De todas maneras me parece perfecto que hayan acabado tantísimas personas una carrera que no tiene nada de fácil.
Todo un éxito para Nike y para el Ayuntamiento de Barcelona (y su departamento de Bomberos) que han hecho de esta carrera una de las más importantes de la temporada y más concurrida de Barcelona, sólo por debajo de la del Corte Inglés.
Aunque más éxito para Nike que para el Ayuntamiento. El Ayuntamiento de Barcelona ha encontrado en Nike un socio ideal para la organización de carreras.
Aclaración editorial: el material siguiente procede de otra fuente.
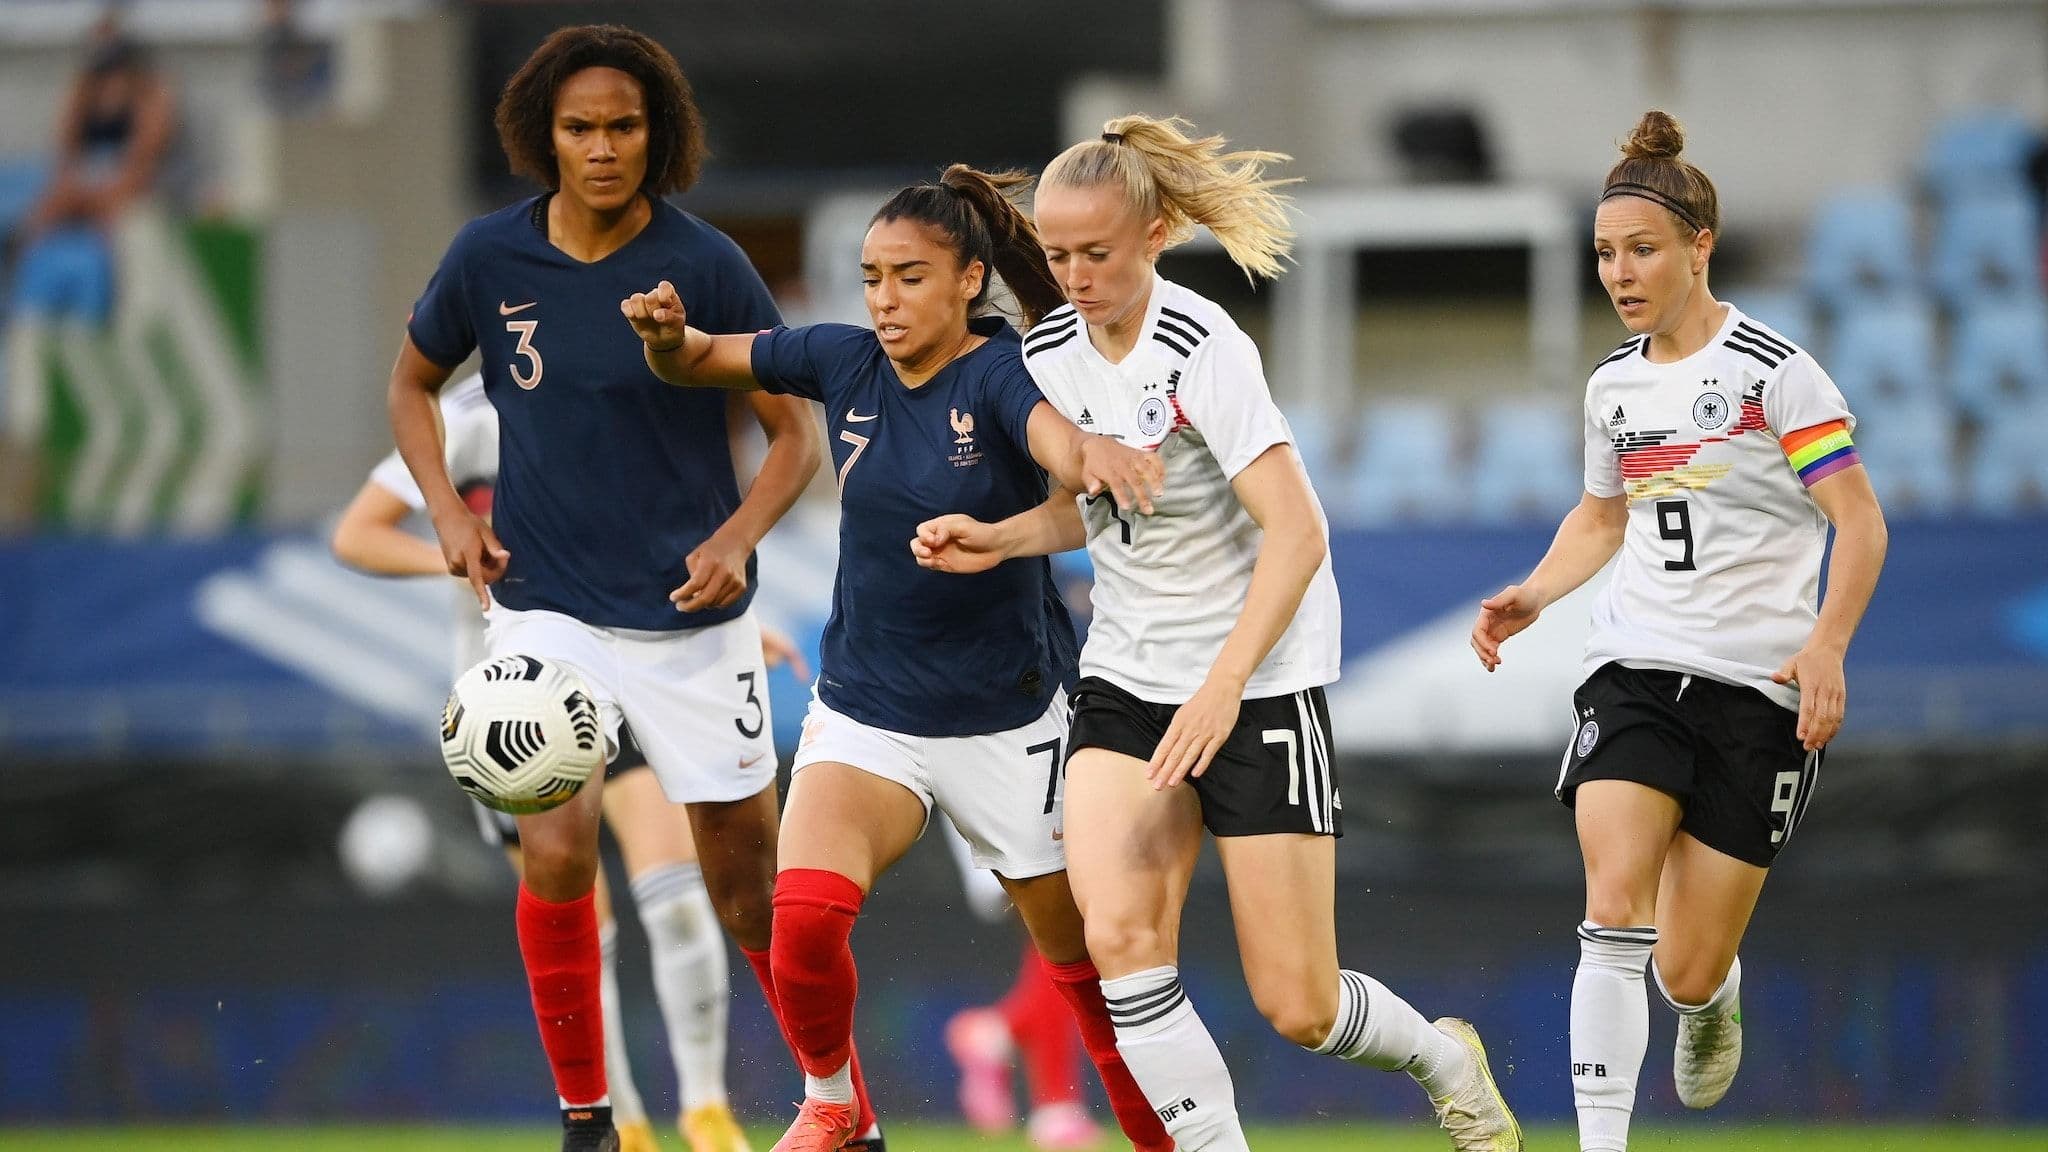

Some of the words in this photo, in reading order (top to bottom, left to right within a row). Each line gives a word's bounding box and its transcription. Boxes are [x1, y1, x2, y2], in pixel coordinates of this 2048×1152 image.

[506, 321, 543, 390] 3
[840, 430, 870, 500] 7
[1656, 500, 1697, 571] 9
[735, 671, 763, 739] 3
[1026, 737, 1061, 815] 7
[1262, 729, 1300, 806] 7
[1770, 771, 1801, 843] 9
Pero Nike no sólo se promociona sólo en Barcelona: Madrid con su San Silvestre Vallecana o Donosti con los 20 Km. de Behobia son ejemplos de carreras que arrasan en cuanto a participación y si te quedas dormido no encuentras plaza.
Por un lado Nike es una empresa cuyo objetivo es aumentar ingresos y está claro que la promoción del deporte con eventos de este tipo entra dentro de su objeto social y su misión corporativa, por otro lado el Ayuntamiento de Barcelona, que debe velar por la promoción de la ciudad en un sentido más amplio que el de turismo de fin de semana y masas.
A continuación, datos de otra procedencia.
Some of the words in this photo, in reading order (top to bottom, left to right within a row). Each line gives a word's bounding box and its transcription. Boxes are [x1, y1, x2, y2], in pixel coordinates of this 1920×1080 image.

No obstante me gustaría saber cual es el objetivo de los organizadores de la carrera, ¿batir el número de participantes año tras año? ¿Deben de dejar los Ayuntamientos que existan semejantes asimetrías en participaciones de carreras similares?
¿Que está haciendo Nike para que la San Silvestre Vallecana supere en 19.000 participantes a la Cursa dels Nassos de Barcelona? ¿Cómo puede ser que la 84ª Jean Bouin de 2007, (la carrera Open más antigua de España) a pesar de haber batido su record, a duras penas superase los 3.500 inscritos frente a los 15.000 de hoy en els Bombers?
Los ayuntamientos de ciudades como Madrid, aspirante olímpica a los juegos de 2016, y Barcelona ciudad olímpica en 1992, tienen el deber moral ante la ciudadanía de no dejarse llevar por la iniciativa privada en aspectos tan importantes como el fomento del deporte, la marca de la ciudad debe de estar por encima. A mi me da la sensación que poco a poco la carrera va adquiriendo un tono implícito más Nike que no Bombers y la misma impresión me da la Behobia y la San Silvestre Vallecana.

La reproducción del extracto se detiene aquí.